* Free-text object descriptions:
• • •

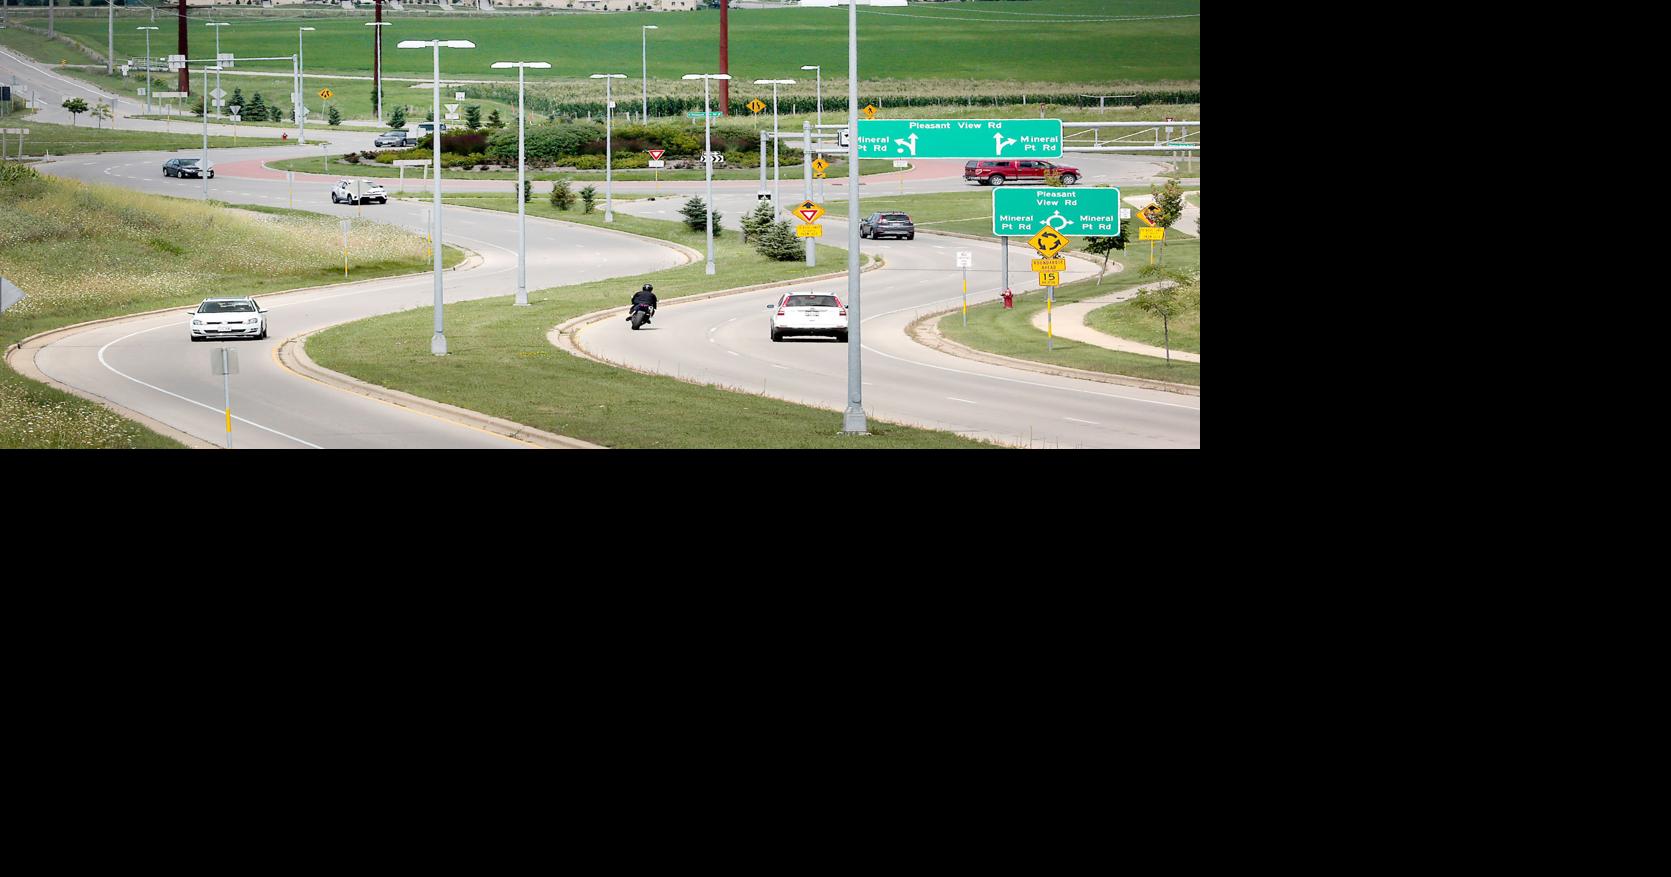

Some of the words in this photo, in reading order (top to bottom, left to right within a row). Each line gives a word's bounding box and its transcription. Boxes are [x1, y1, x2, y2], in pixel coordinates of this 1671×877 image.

[908, 121, 950, 129] Pleasant
[958, 121, 982, 129] View
[987, 121, 1002, 129] Rd
[1020, 135, 1058, 143] Mineral
[1043, 273, 1056, 281] 15
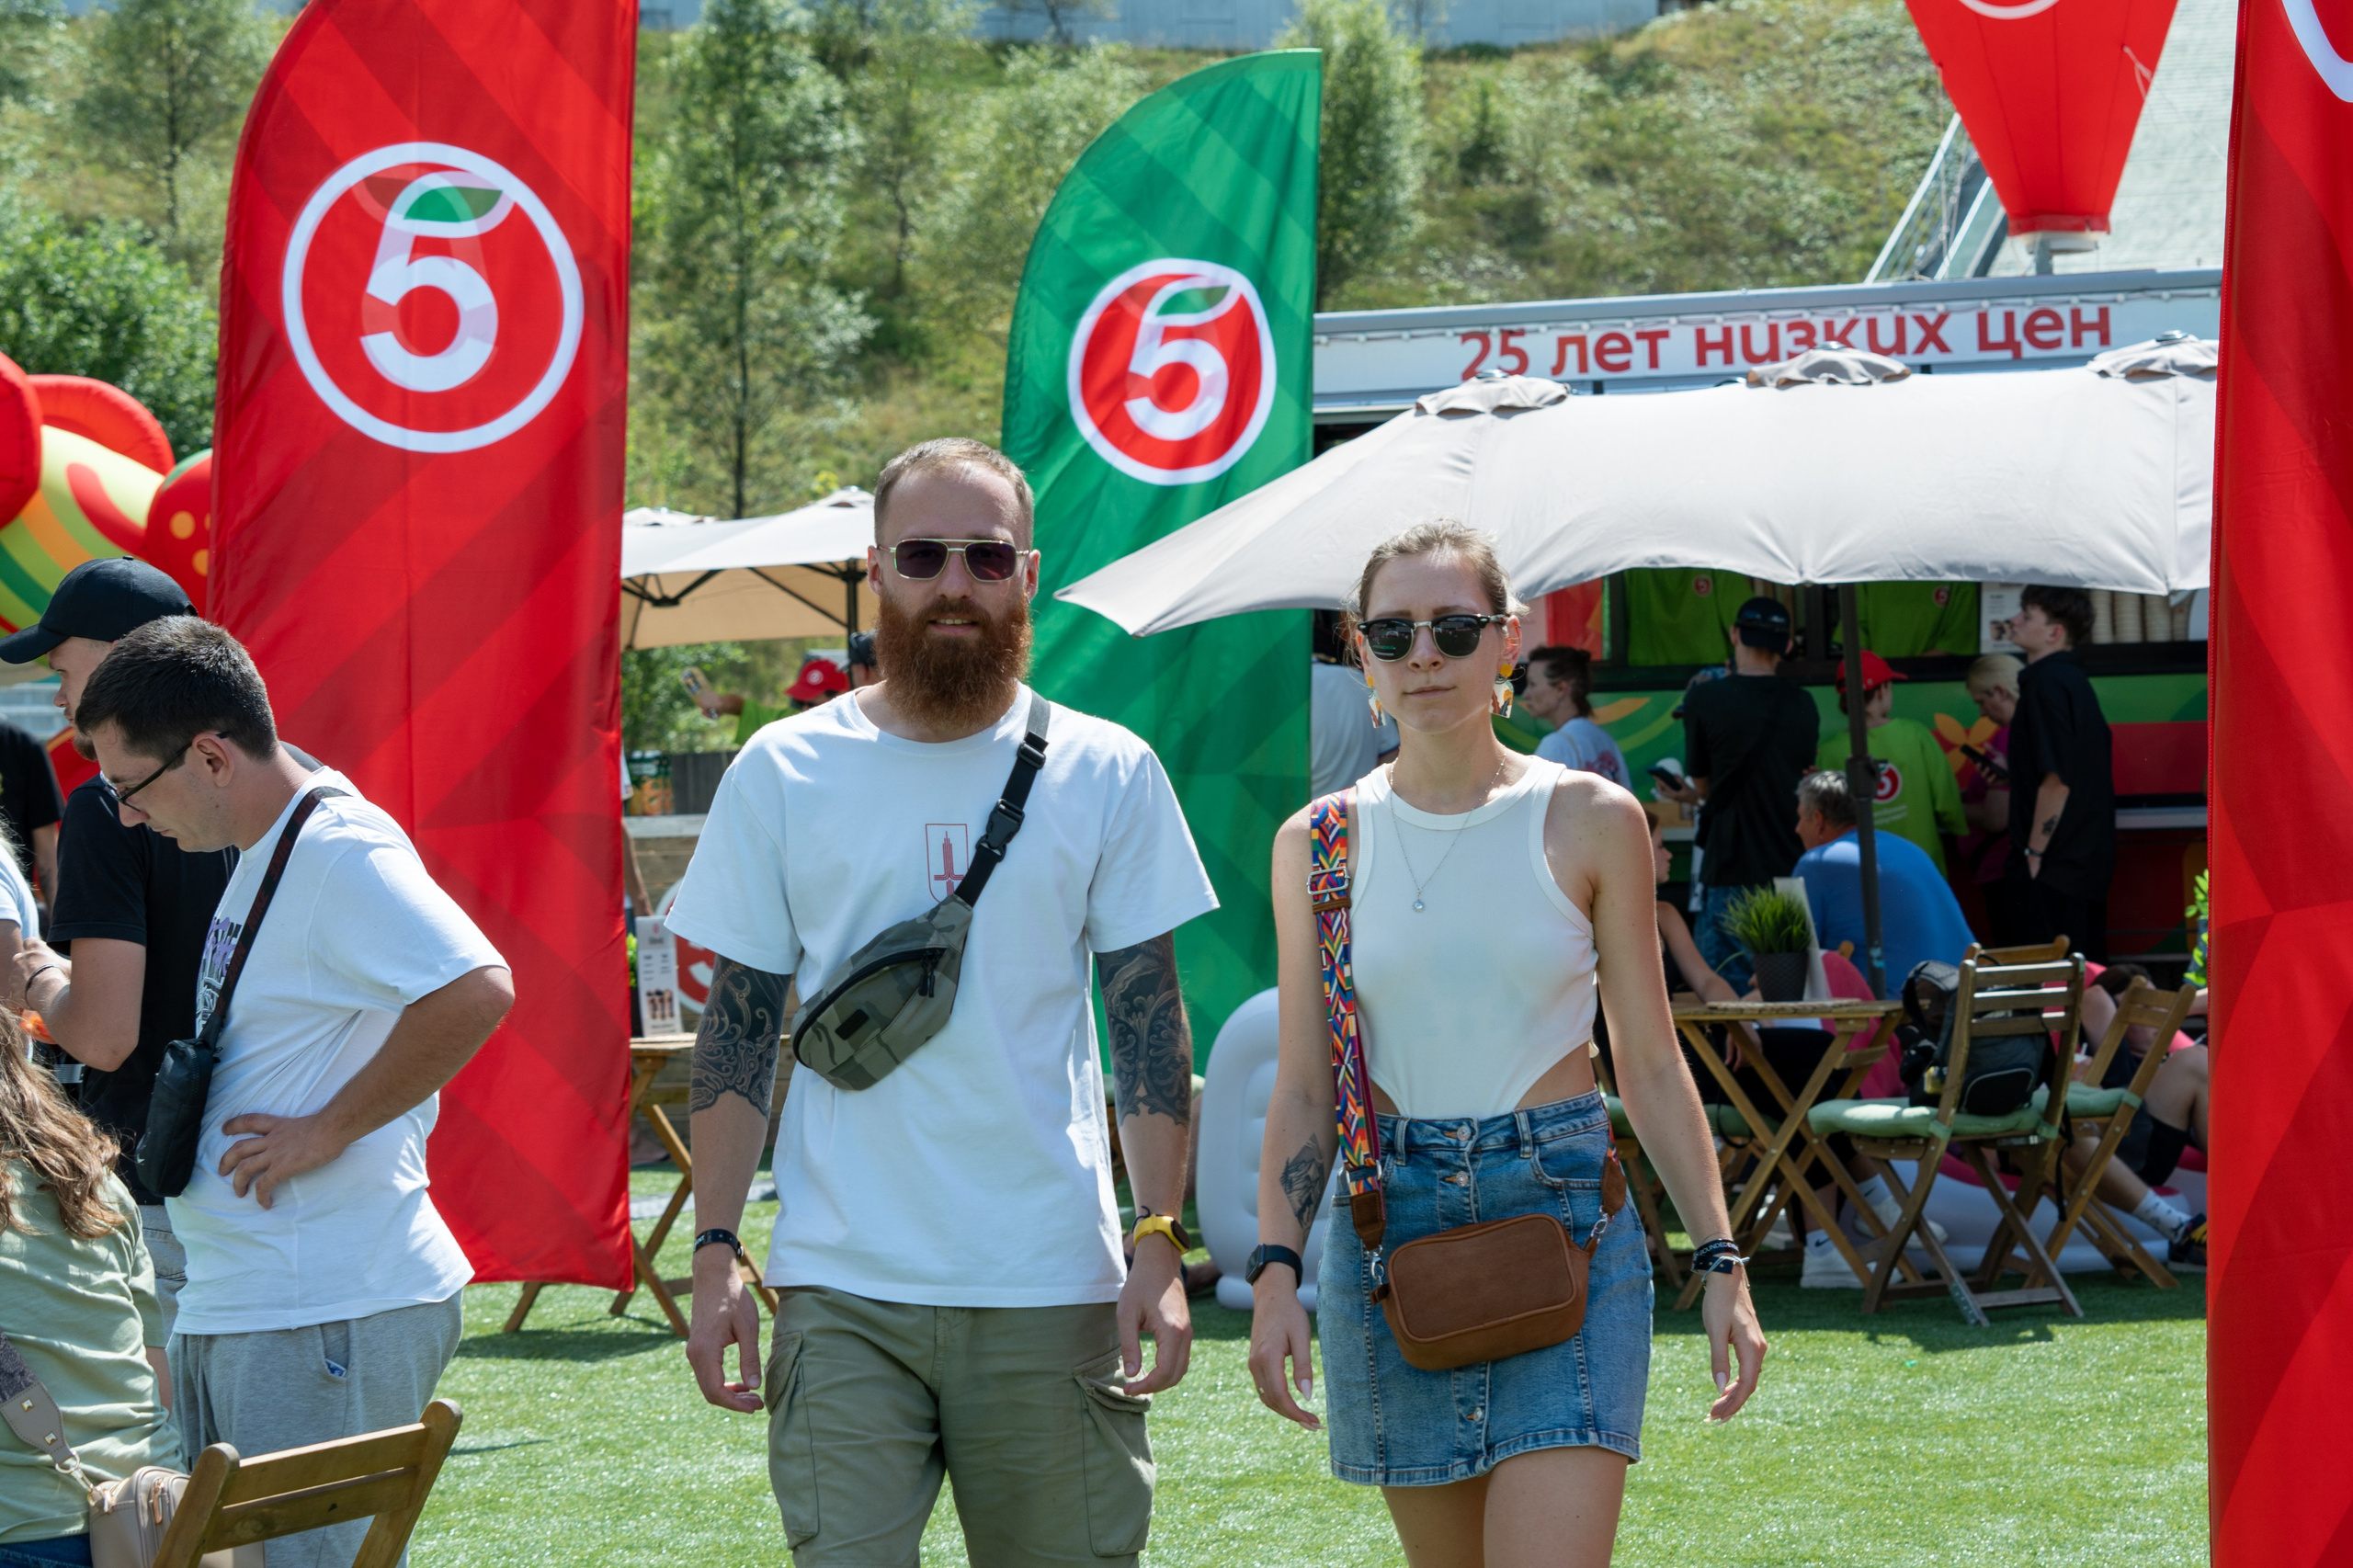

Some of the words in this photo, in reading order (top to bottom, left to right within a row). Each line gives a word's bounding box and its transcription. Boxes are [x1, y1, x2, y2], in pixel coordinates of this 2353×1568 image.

[1460, 327, 1529, 381] 25
[1551, 329, 1671, 376] лет
[1694, 311, 1953, 367] низких
[1976, 305, 2111, 359] цен

• • •

* PROBLEM TO SOLVE:
Each record above must be retyped exactly as given, with the images excluded.

* RESPONSE FOR THIS EXERCISE:
Some of the words in this photo, in reading order (top to bottom, left to right within a row). Each line gives a word's bounding box and its transcription. Boxes are [x1, y1, x2, y2], in pixel coordinates of this 1671×877 image.

[908, 121, 950, 129] Pleasant
[958, 121, 982, 129] View
[987, 121, 1002, 129] Rd
[1020, 135, 1058, 143] Mineral
[1043, 273, 1056, 281] 15

Some of the words in this photo, in reading order (top to bottom, left to right within a row). Each line gives a word's bounding box and its transcription. Boxes are [x1, y1, x2, y2], in pixel coordinates of this 2353×1568 image.

[1460, 327, 1529, 381] 25
[1551, 329, 1671, 376] лет
[1694, 311, 1953, 367] низких
[1976, 305, 2111, 359] цен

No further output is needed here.